WHAT THE EXERCISE ASKS
Copy each line below exactly and leave the pictures out.

SOURCE DATA

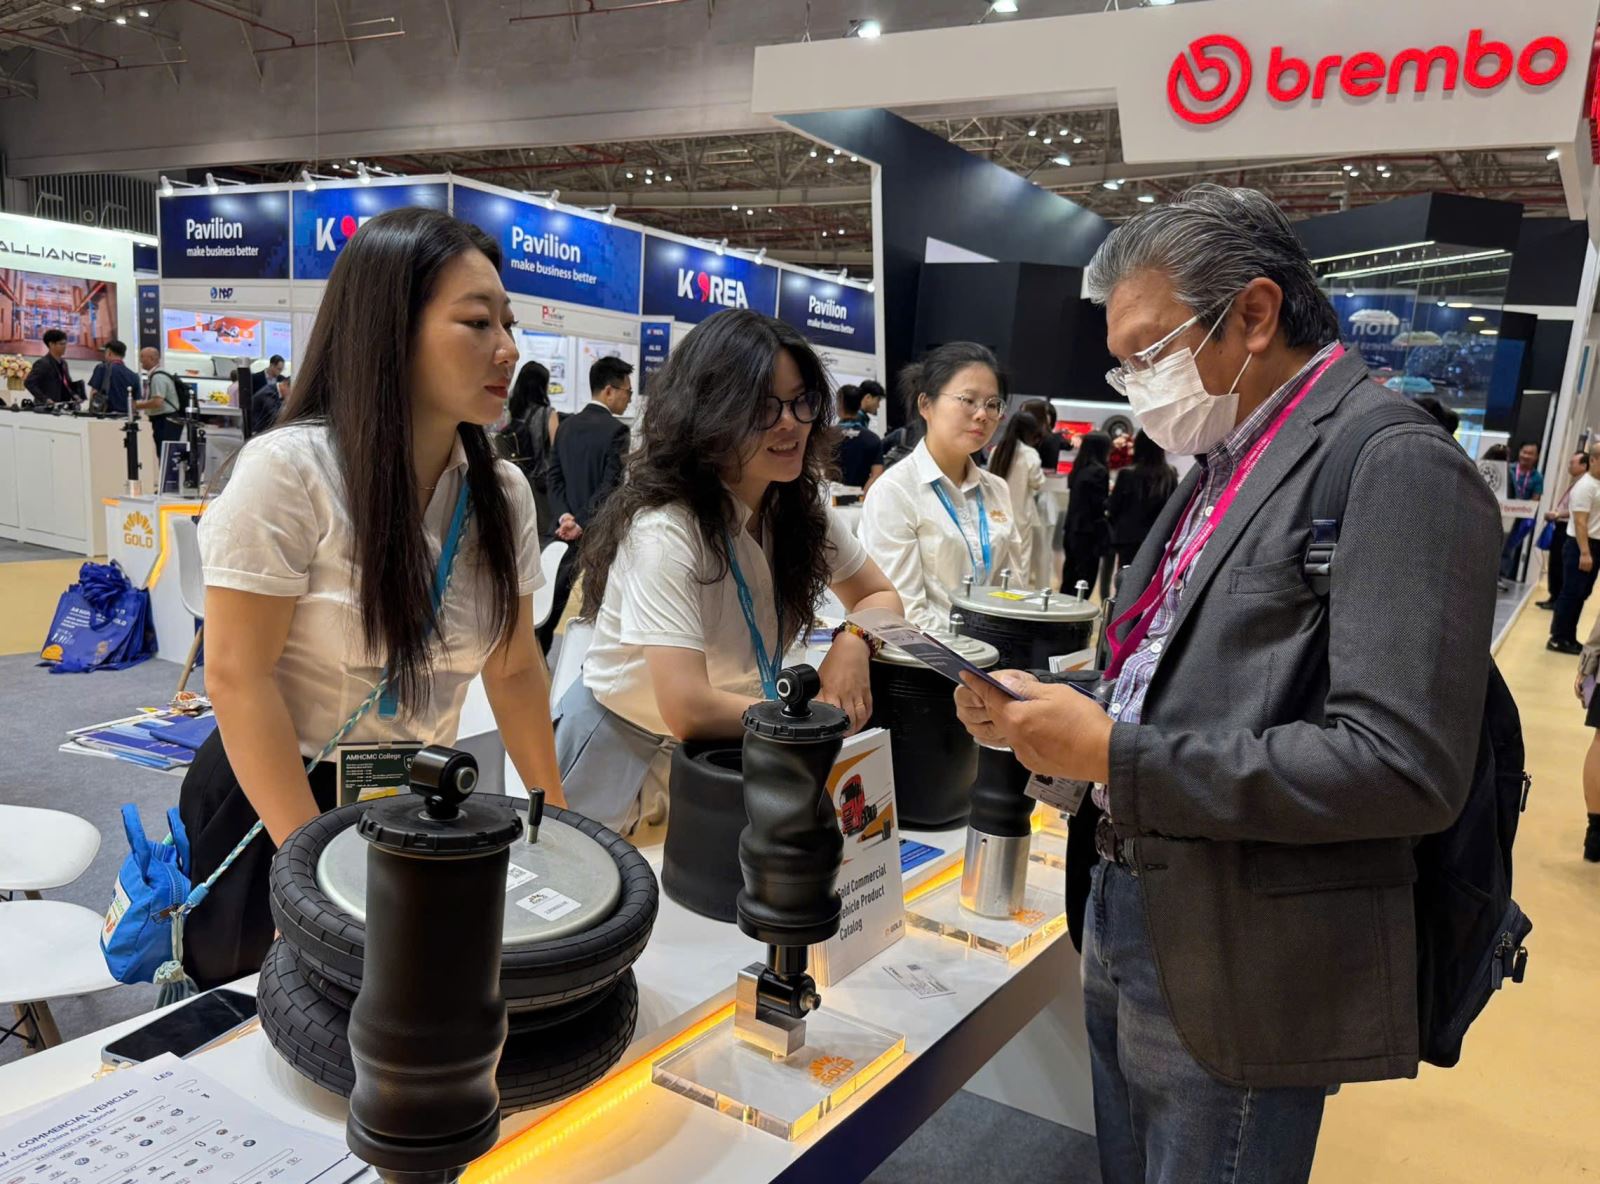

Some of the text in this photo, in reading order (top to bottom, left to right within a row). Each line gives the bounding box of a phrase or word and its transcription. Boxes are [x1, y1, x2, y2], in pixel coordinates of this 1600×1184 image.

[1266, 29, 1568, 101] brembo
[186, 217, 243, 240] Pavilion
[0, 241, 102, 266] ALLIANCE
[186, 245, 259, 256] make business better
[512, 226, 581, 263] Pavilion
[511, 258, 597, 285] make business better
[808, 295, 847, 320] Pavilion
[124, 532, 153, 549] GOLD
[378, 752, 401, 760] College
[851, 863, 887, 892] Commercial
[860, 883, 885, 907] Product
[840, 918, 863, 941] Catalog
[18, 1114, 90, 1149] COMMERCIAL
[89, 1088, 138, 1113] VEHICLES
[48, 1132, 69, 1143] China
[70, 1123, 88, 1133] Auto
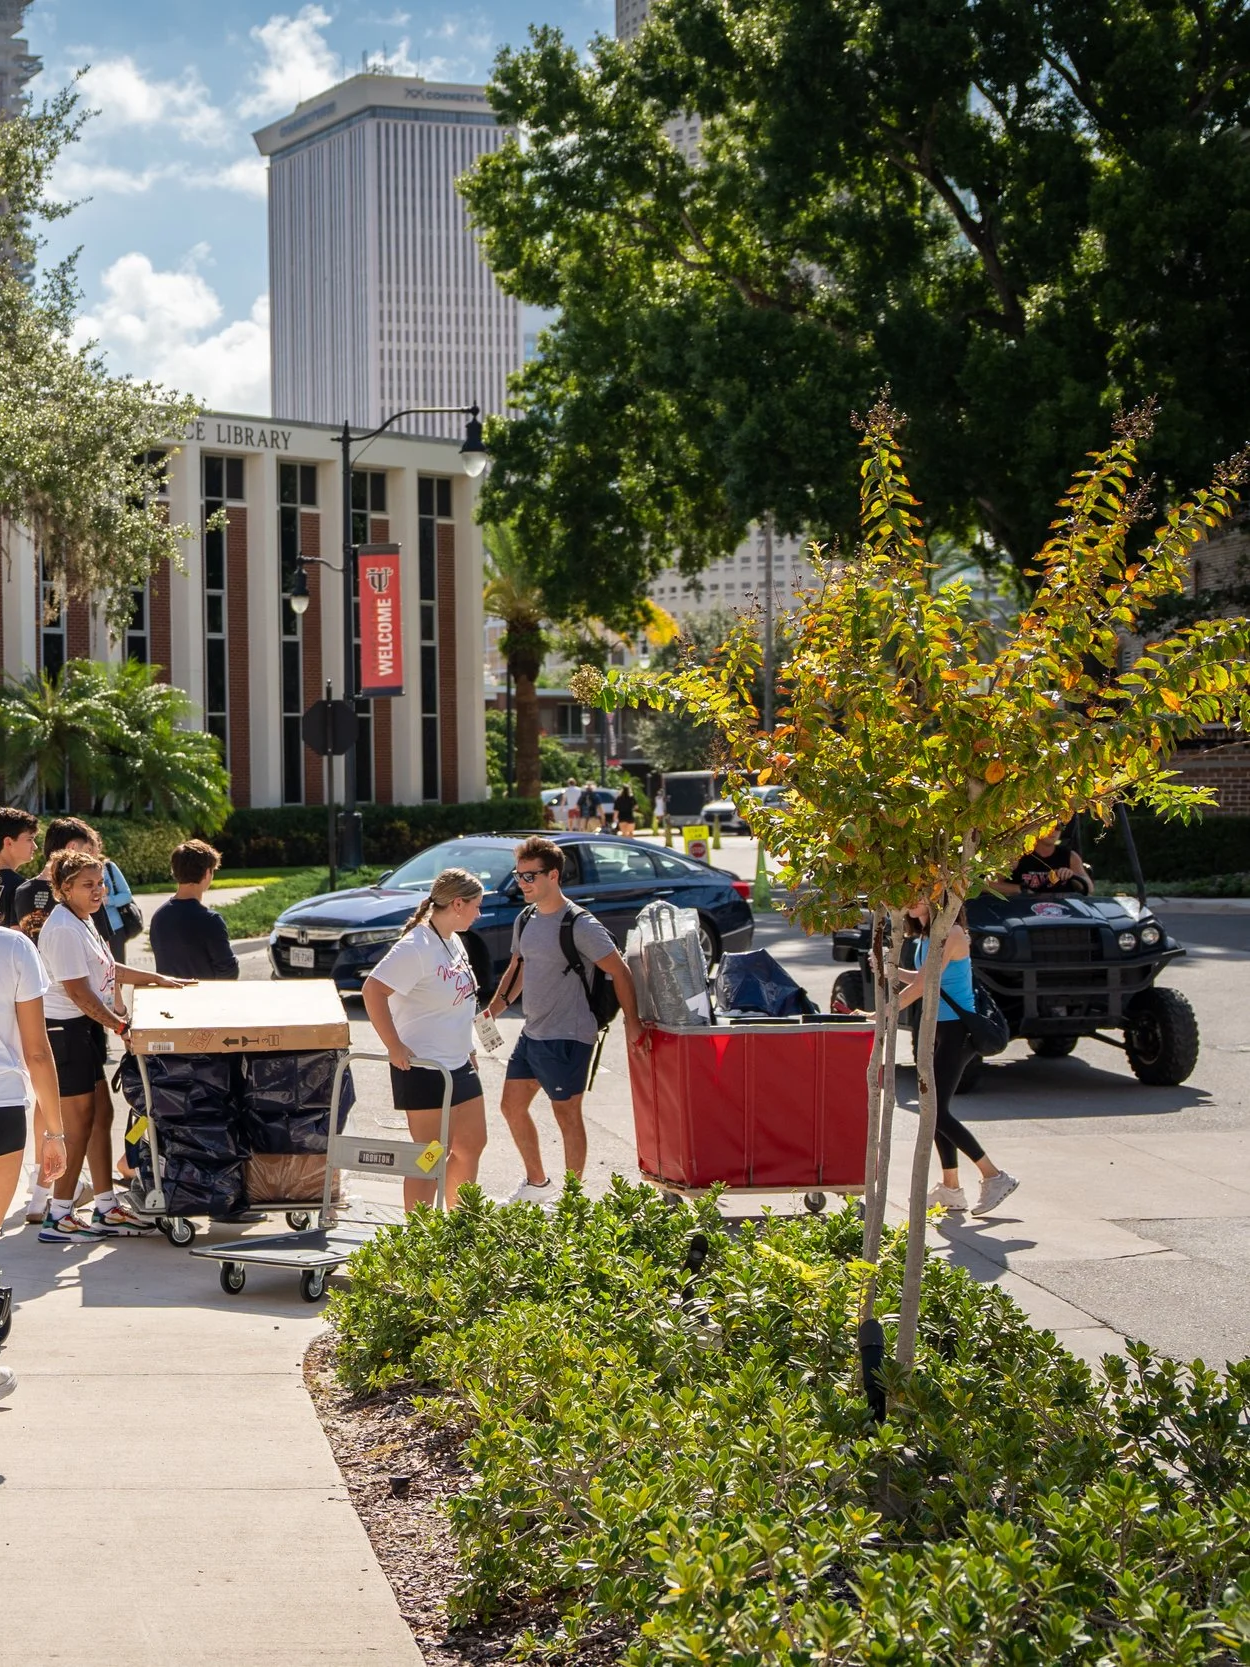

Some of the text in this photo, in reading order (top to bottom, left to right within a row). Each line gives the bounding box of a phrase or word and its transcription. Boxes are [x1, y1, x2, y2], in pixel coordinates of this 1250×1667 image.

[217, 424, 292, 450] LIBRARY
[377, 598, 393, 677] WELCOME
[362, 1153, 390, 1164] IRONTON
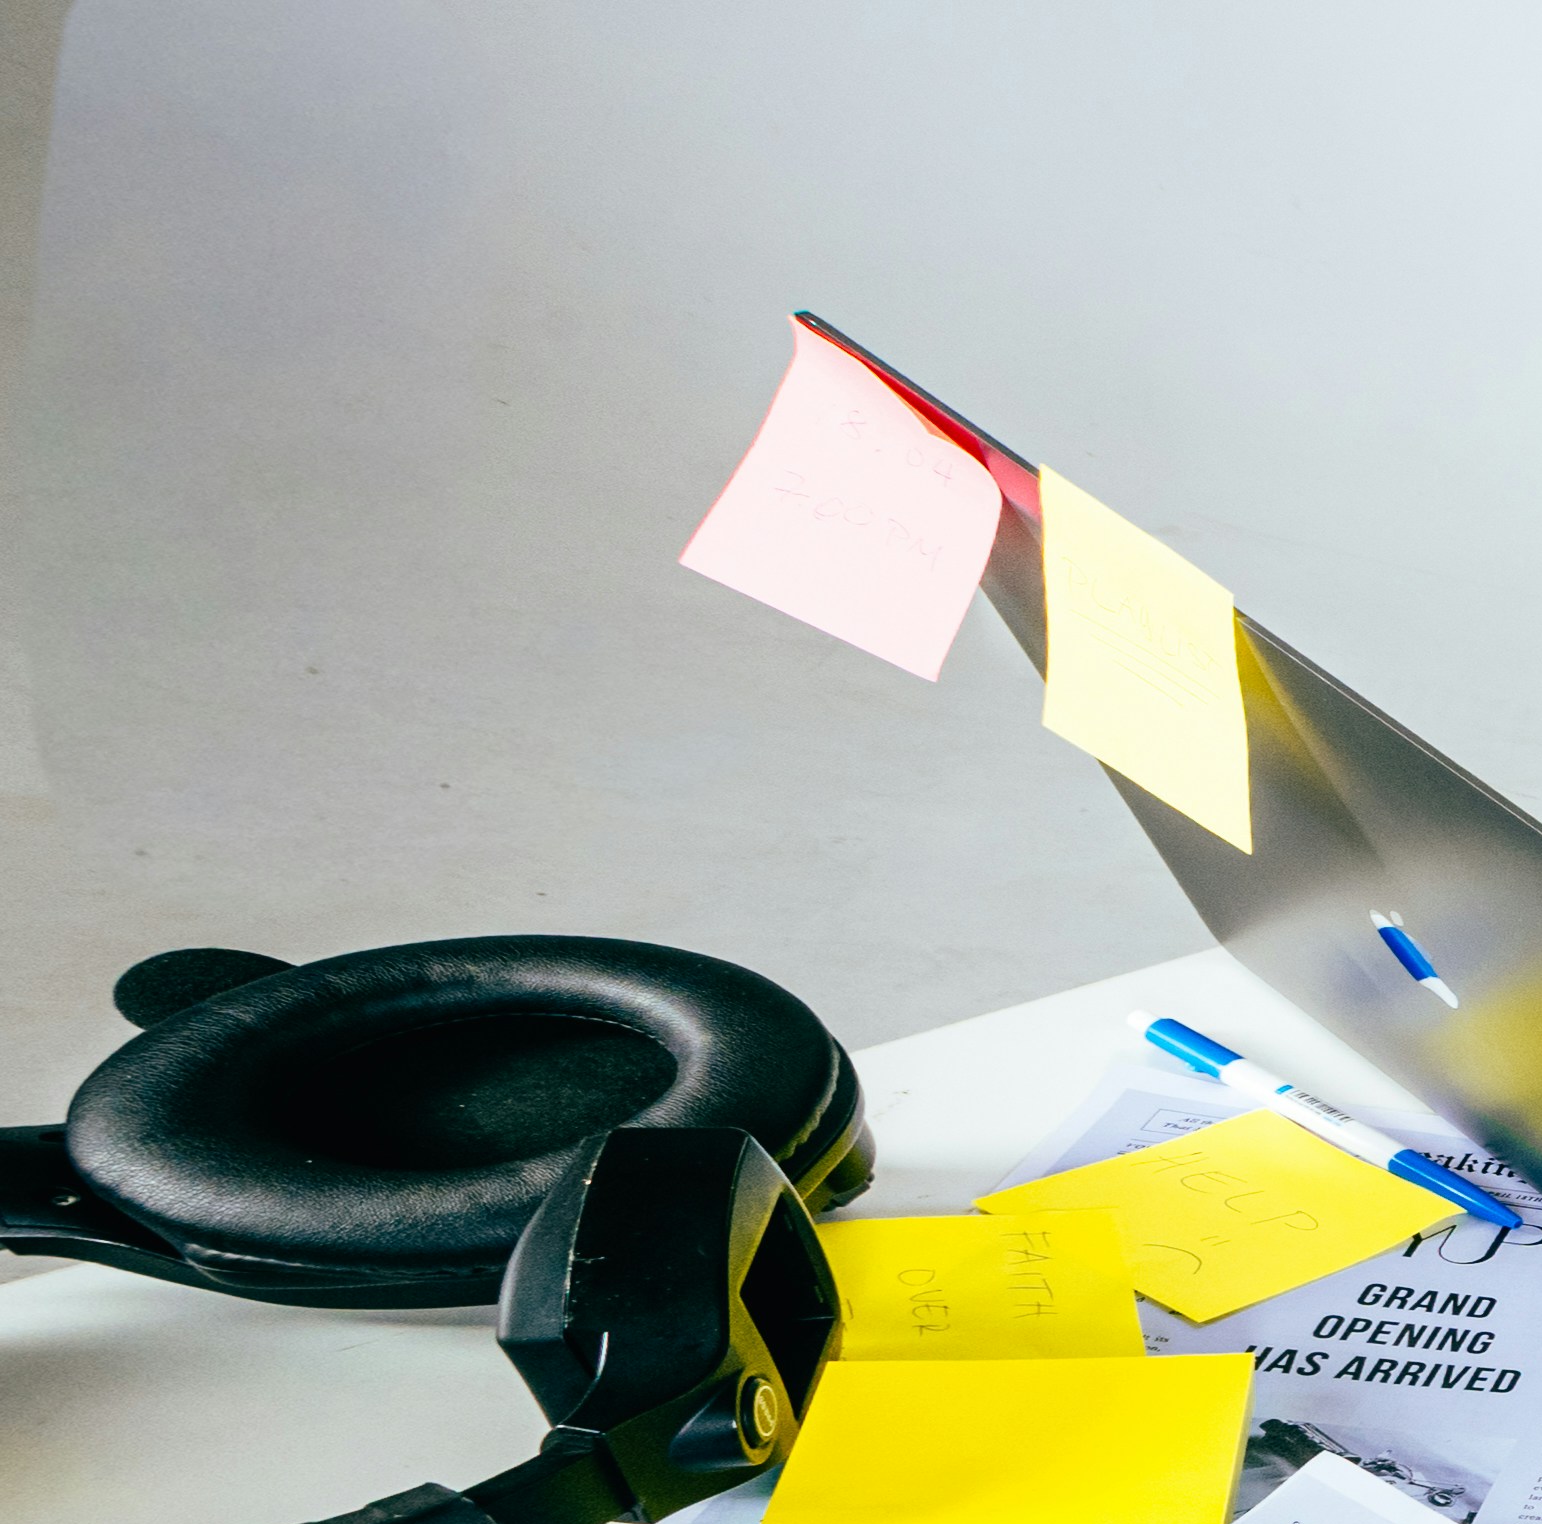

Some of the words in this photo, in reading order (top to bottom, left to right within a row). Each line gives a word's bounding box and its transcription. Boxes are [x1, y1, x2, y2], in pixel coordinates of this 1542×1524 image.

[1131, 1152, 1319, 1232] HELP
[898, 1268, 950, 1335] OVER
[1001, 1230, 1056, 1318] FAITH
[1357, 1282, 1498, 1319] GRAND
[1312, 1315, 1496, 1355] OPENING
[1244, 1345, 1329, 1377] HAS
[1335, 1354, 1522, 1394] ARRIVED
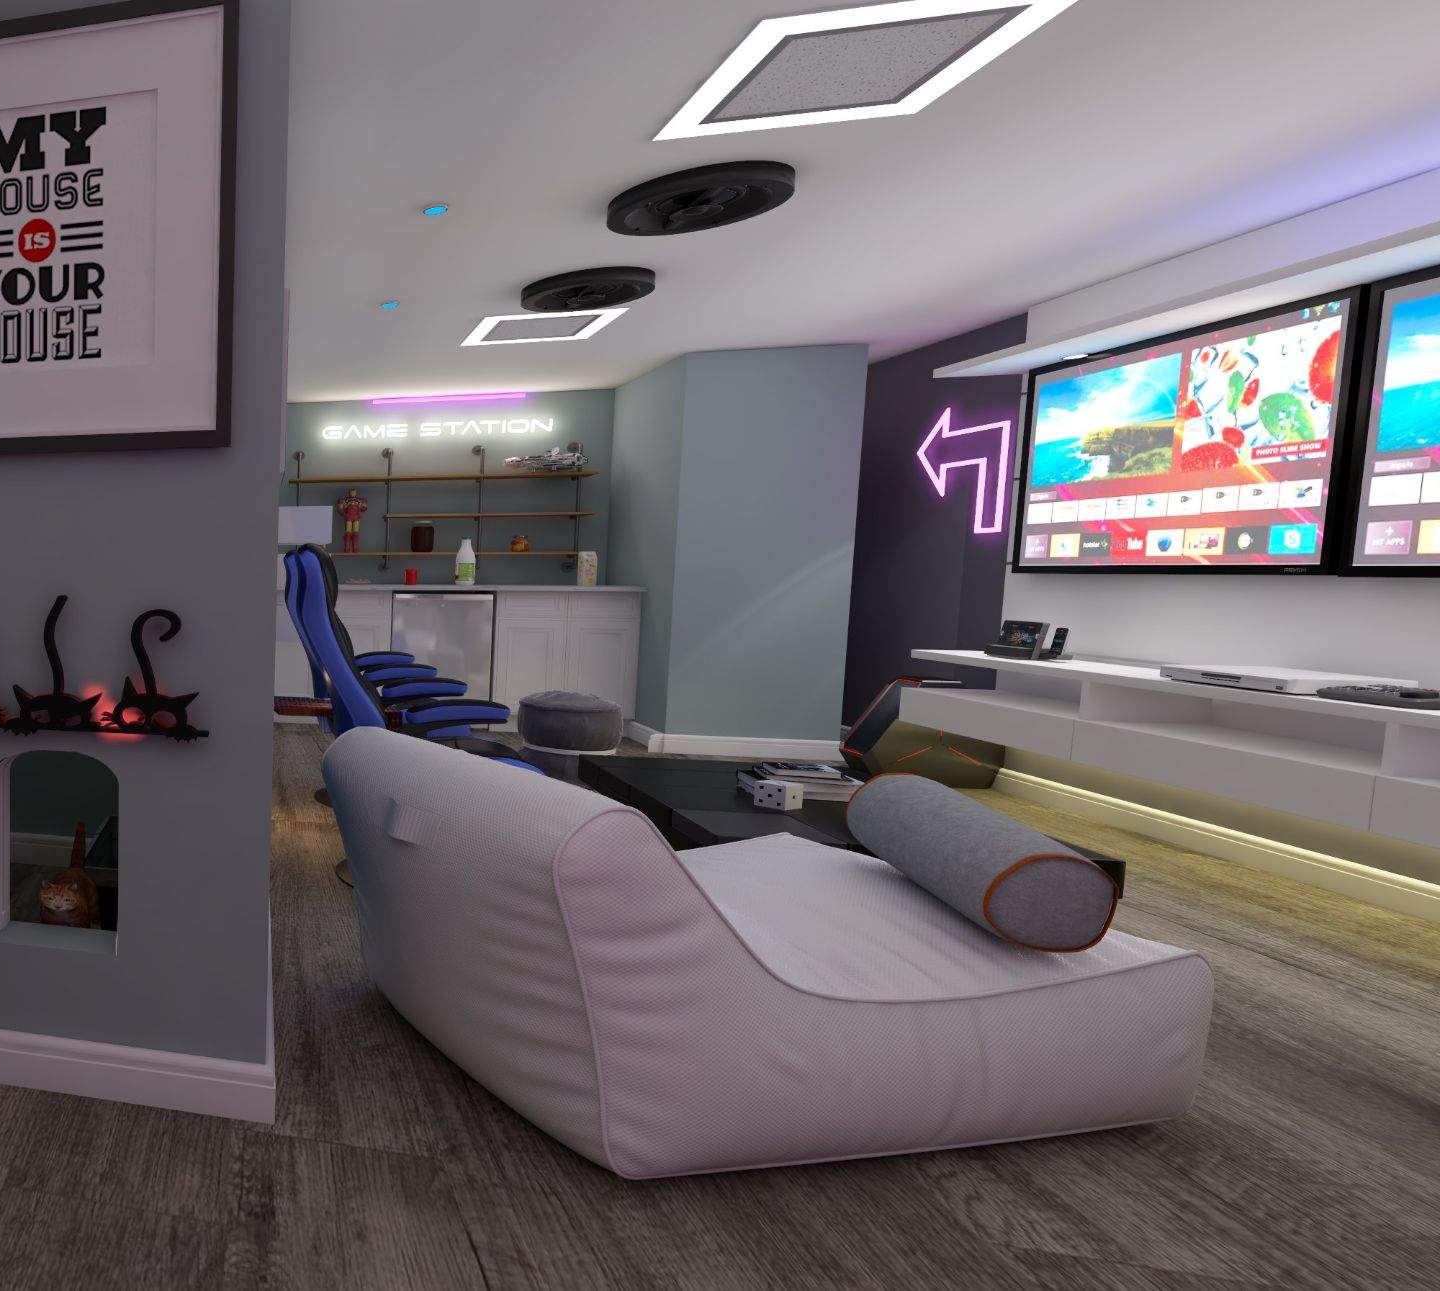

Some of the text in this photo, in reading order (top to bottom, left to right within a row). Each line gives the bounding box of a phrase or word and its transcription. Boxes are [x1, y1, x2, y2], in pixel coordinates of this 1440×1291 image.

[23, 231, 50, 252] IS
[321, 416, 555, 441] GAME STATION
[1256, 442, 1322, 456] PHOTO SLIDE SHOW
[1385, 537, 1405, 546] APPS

RESPONSE BELOW
Some of the text in this photo, in reading order (top to bottom, left to right within a row). Each line gives the bounding box of a phrase or word and its transcription. Boxes are [x1, y1, x2, y2], in pixel coordinates of this 1600×1184 image.

[1266, 29, 1568, 101] brembo
[186, 217, 243, 240] Pavilion
[0, 241, 102, 266] ALLIANCE
[186, 245, 259, 256] make business better
[512, 226, 581, 263] Pavilion
[511, 258, 597, 285] make business better
[808, 295, 847, 320] Pavilion
[124, 532, 153, 549] GOLD
[378, 752, 401, 760] College
[851, 863, 887, 892] Commercial
[860, 883, 885, 907] Product
[840, 918, 863, 941] Catalog
[18, 1114, 90, 1149] COMMERCIAL
[89, 1088, 138, 1113] VEHICLES
[48, 1132, 69, 1143] China
[70, 1123, 88, 1133] Auto

Some of the text in this photo, in reading order (top to bottom, left to right within a row). Each line gives the bounding box of a phrase or word and its transcription. Boxes are [x1, y1, x2, y2], in pixel coordinates of this 1250×1667 image.

[217, 424, 292, 450] LIBRARY
[377, 598, 393, 677] WELCOME
[362, 1153, 390, 1164] IRONTON

Some of the words in this photo, in reading order (top to bottom, left to right within a row). Each line gives a word's bounding box and its transcription. Boxes are [x1, y1, x2, y2], in pixel coordinates of this 1542×1524 image.

[1131, 1152, 1319, 1232] HELP
[898, 1268, 950, 1335] OVER
[1001, 1230, 1056, 1318] FAITH
[1357, 1282, 1498, 1319] GRAND
[1312, 1315, 1496, 1355] OPENING
[1244, 1345, 1329, 1377] HAS
[1335, 1354, 1522, 1394] ARRIVED

Some of the text in this photo, in reading order (top to bottom, left to right within a row). Each line gives the bounding box of a phrase or word and its transcription. Boxes are [x1, y1, x2, y2], in pixel coordinates of this 1440×1291 image.

[23, 231, 50, 252] IS
[321, 416, 555, 441] GAME STATION
[1256, 442, 1322, 456] PHOTO SLIDE SHOW
[1385, 537, 1405, 546] APPS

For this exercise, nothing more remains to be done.